Another thought about this:

The common argument is that during the sale of a financial instrument, there are parties who think the value will go up, and parties who think it will go down; this is what makes the market work. The argument continues: “Of course there will be short investors, and so why should IKB care about the disclosure of Paulson. If not him, then others must short the portfolio, otherwise there is no market.”

I don't agree with this as an argument in this case. If I buy stocks, I believe the value will go up, but if I sell them, it’s not necessarily because I believe the value will go down. It’s because I need liquidity, or because I feel I can use my money in a better way. I may still believe that the stock value will go up – in fact, 100% of the people in an active market could believe that the value of the stock will go up. Shorting to me is entirely different.

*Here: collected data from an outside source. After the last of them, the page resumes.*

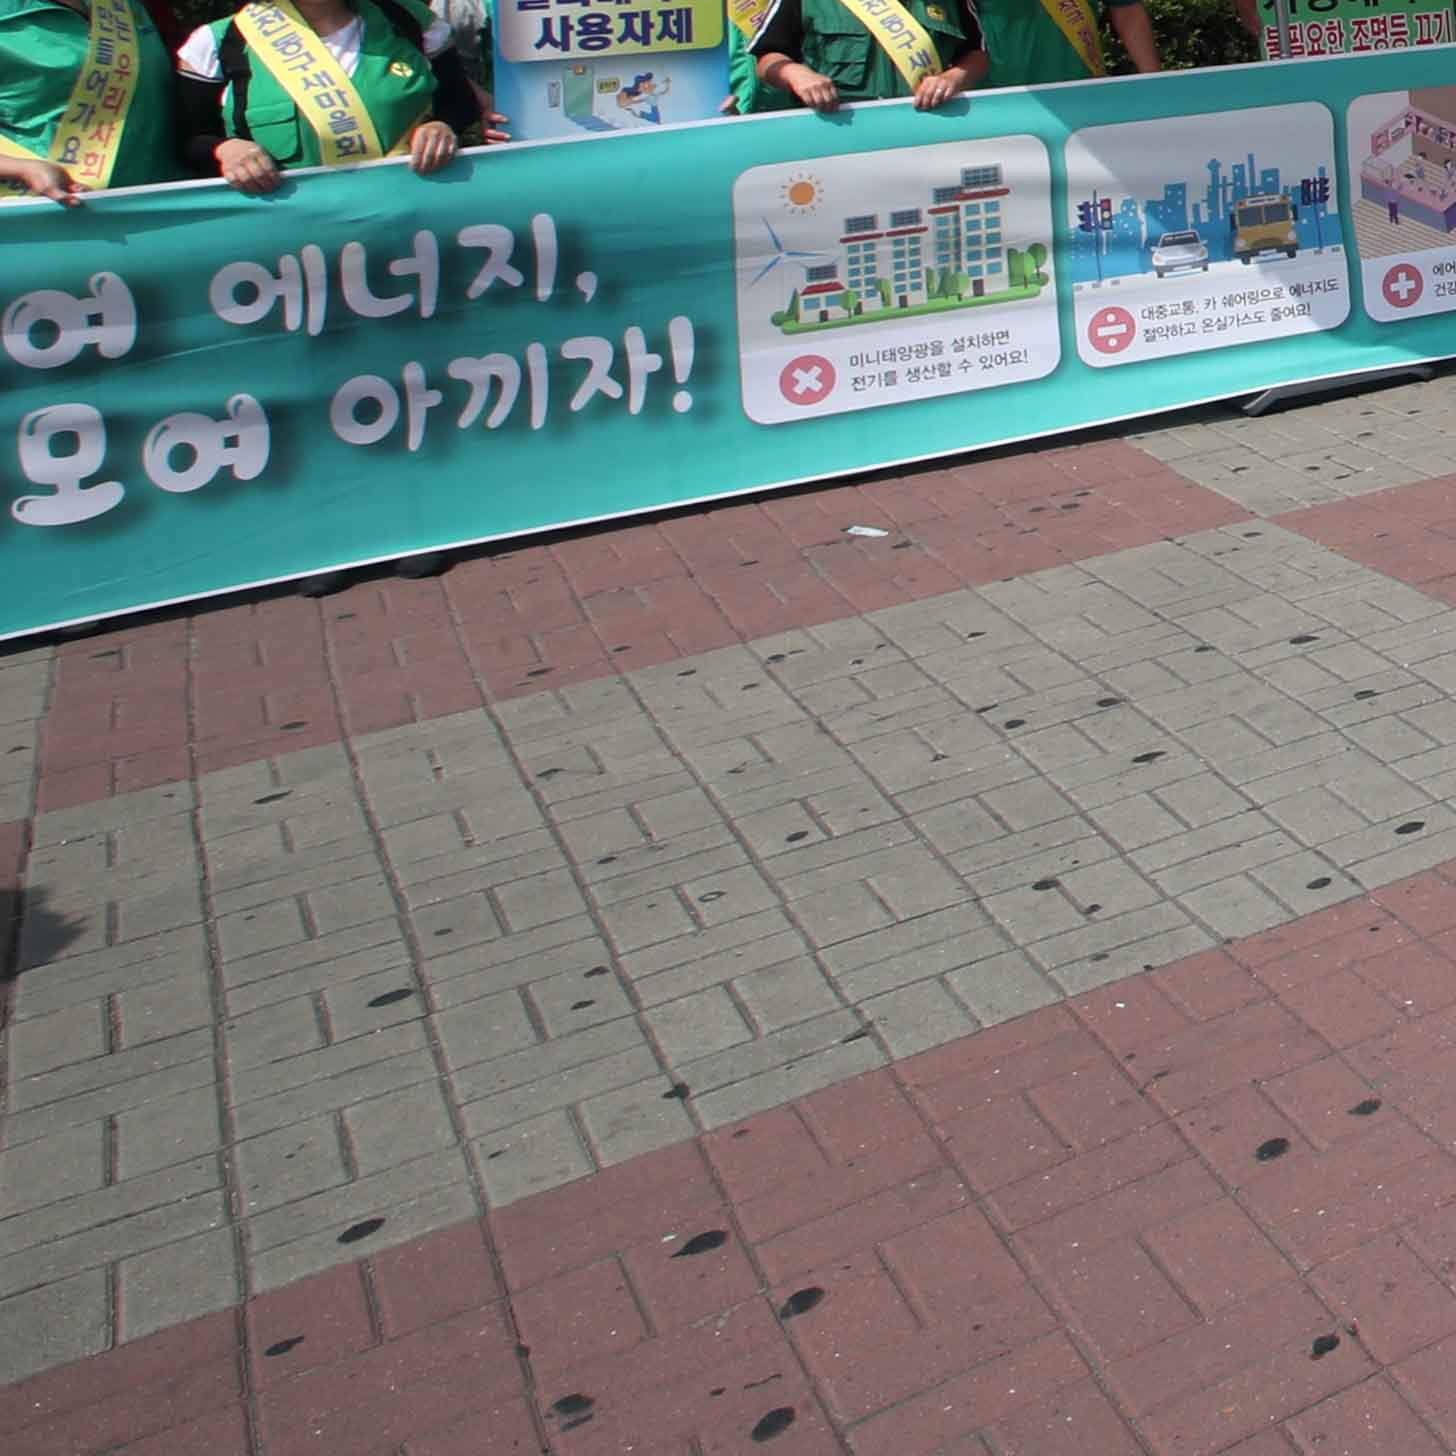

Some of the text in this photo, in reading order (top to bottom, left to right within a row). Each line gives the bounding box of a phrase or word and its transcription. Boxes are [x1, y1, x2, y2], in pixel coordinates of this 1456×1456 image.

[534, 8, 693, 52] 사용자제
[1351, 14, 1409, 52] 조명등
[1415, 8, 1451, 46] 끄기
[209, 213, 601, 336] 에너지,
[1203, 297, 1217, 312] 카
[1222, 287, 1286, 308] 쉐어링으로
[1289, 278, 1339, 297] 에너지도
[1143, 322, 1197, 343] 절약하고
[1202, 309, 1266, 334] 온실가스도
[850, 330, 1010, 368] 미니태양광을 설치하면
[851, 349, 1028, 392] 전기를 생산할 수 있어요!
[11, 316, 696, 526] 모여 아끼자!

Why is this relevant? Because I think it’s an important fact that the prevailing investor belief is that values will go up, and the existence of a market doesn’t mean 50% of people think the value will go down. So if there is an aggressive short seller present who has been involved in building the product, then this is material and disclosable information. At least, it’s wrong to indicate that “the economic interests of those selecting the portfolio are aligned with investors.” (I know, we’re back to the point that ACA selected the portfolio.)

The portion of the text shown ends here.